Oleh karena itu, menurut Agus, sangat penting untuk mengingatkan kepada semua pihak, khususnya unsur-unsur politik untuk tidak menggunakan media sosial maupun media massa sebagai sarana untuk menebarkan sikap permusuhan, kebencian, sikap acuh-tak-acuh yang berdimensi politik, agama, etnis maupun golongan.

"Media sosial dan media massa harus ditempatkan sebagai sarana untuk berbagi dan mewujudkan empati sosial," katanya.

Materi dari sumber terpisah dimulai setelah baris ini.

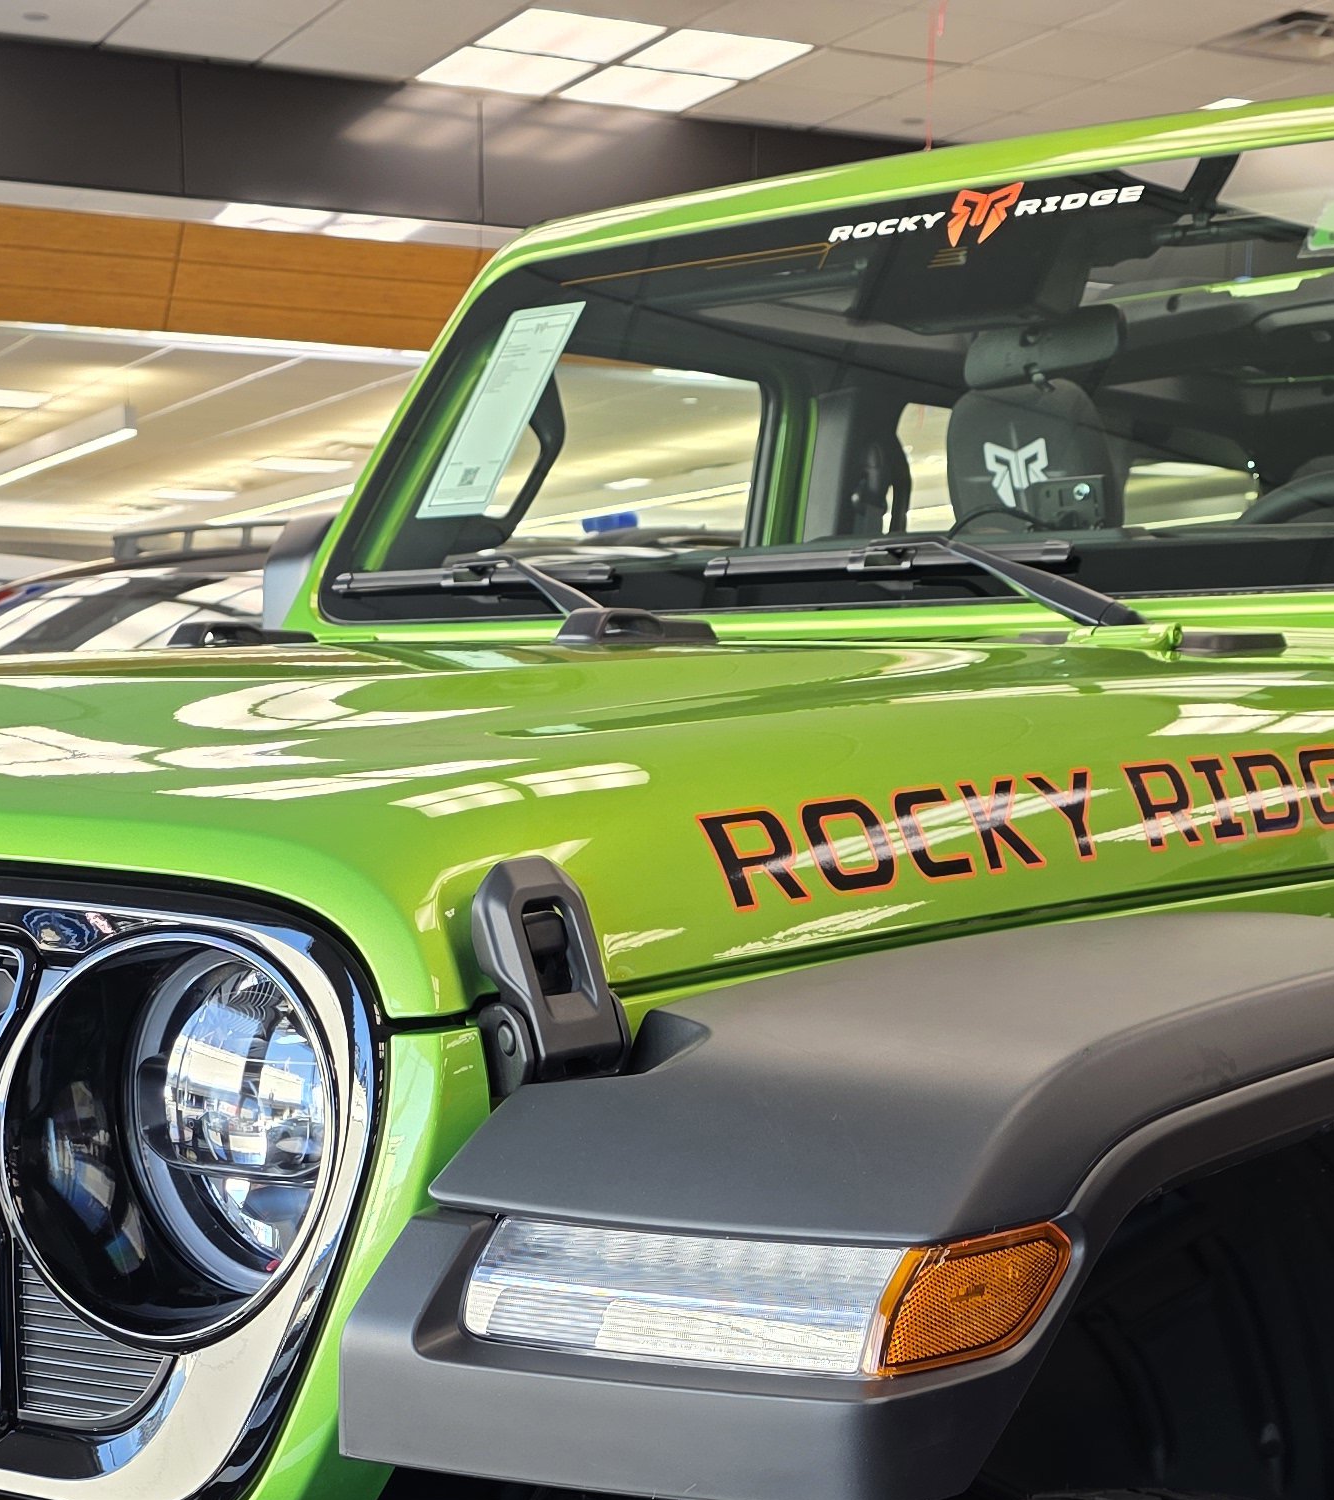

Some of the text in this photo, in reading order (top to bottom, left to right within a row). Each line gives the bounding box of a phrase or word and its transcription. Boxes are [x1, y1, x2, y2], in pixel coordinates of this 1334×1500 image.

[827, 185, 1146, 243] ROCKY RIDGE
[695, 767, 1097, 912] ROCKY
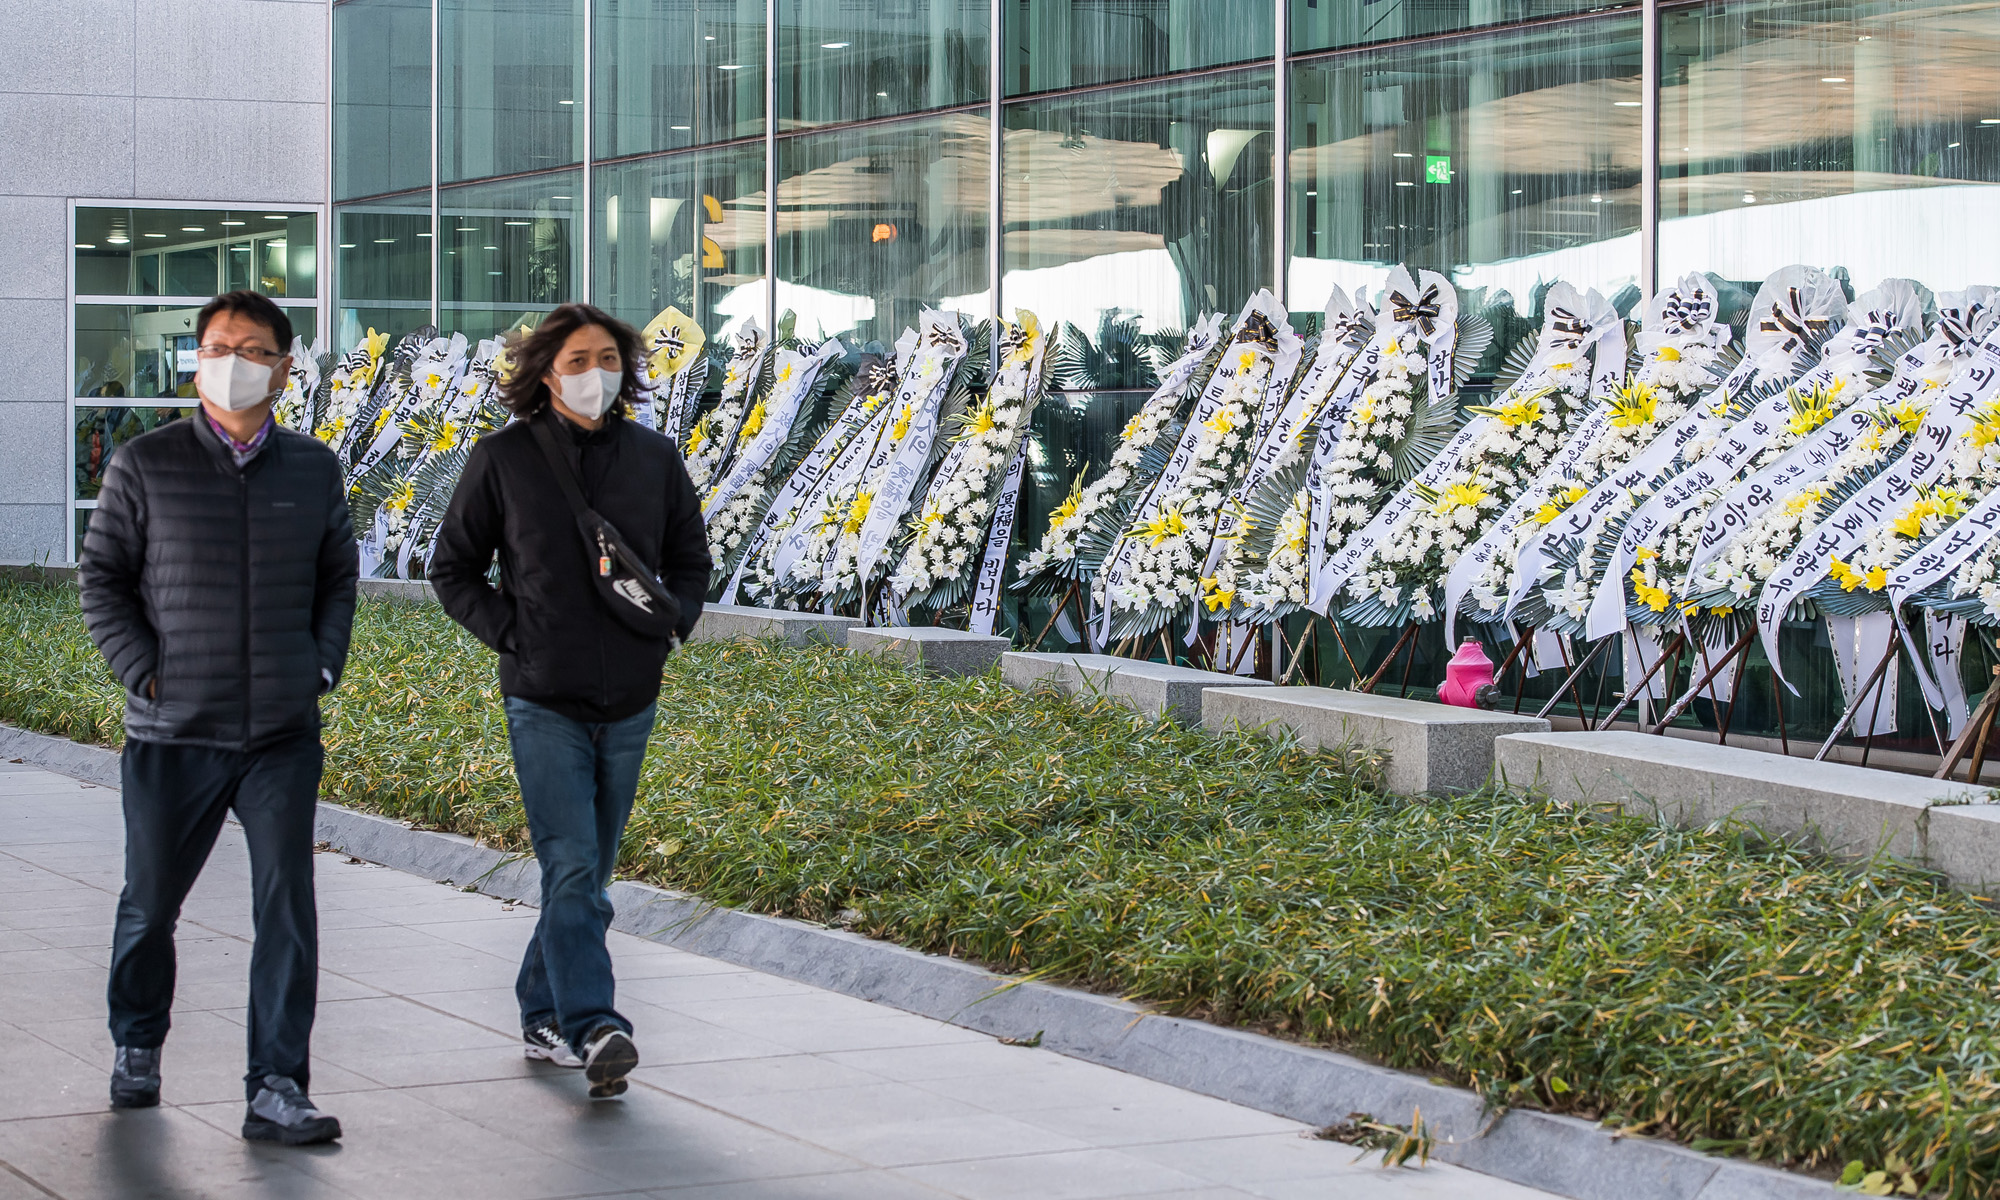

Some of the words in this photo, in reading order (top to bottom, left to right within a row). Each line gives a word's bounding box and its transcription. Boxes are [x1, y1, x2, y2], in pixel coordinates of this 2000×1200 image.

[674, 371, 688, 402] 삼가
[1949, 367, 1995, 416] 미국
[1384, 432, 1472, 525] 광주전남부장
[1773, 466, 1804, 485] 회장
[989, 490, 1018, 547] 冥福을
[1701, 484, 1774, 549] 양승길
[622, 579, 652, 603] NIKE
[975, 557, 999, 617] 빕니다

Sementara Itu, pengamat media sosial yang sehari-hari bekerja sebagai Head of Information System Concentration di Doctor of Computer Science Binus University, Harco Leslie Hendric Spits Warnars mengatakan bahwa Netizen saat ini terbilang sudah dalam kondisi 'telanjang' ke Twitter, Facebook, Uber, dan lainnya. "Kita sudah mengabaikan proteksi diri di internet," ujar di Jakarta beberapa waktu lalu.

Dengan mudahnya pengguna 'menjual diri' di dunia maya, tak sedikit para peretas yang memanfaatkan kelengahan tersebut. Dengan demikian, peretas akan semakin mudah untuk membobol akun media sosial atau email korbannya.

Selain itu, kata Spits, para pengguna media sosial juga terlalu 'jujur' untuk menyampaikan sesuatu, padahal itu merupakan informasi pribadi.

Menurutnya, lebih baik memanipulasi informasi pribadi di media sosial sehingga peretas atu penjahat siber akan sulit menembusnya.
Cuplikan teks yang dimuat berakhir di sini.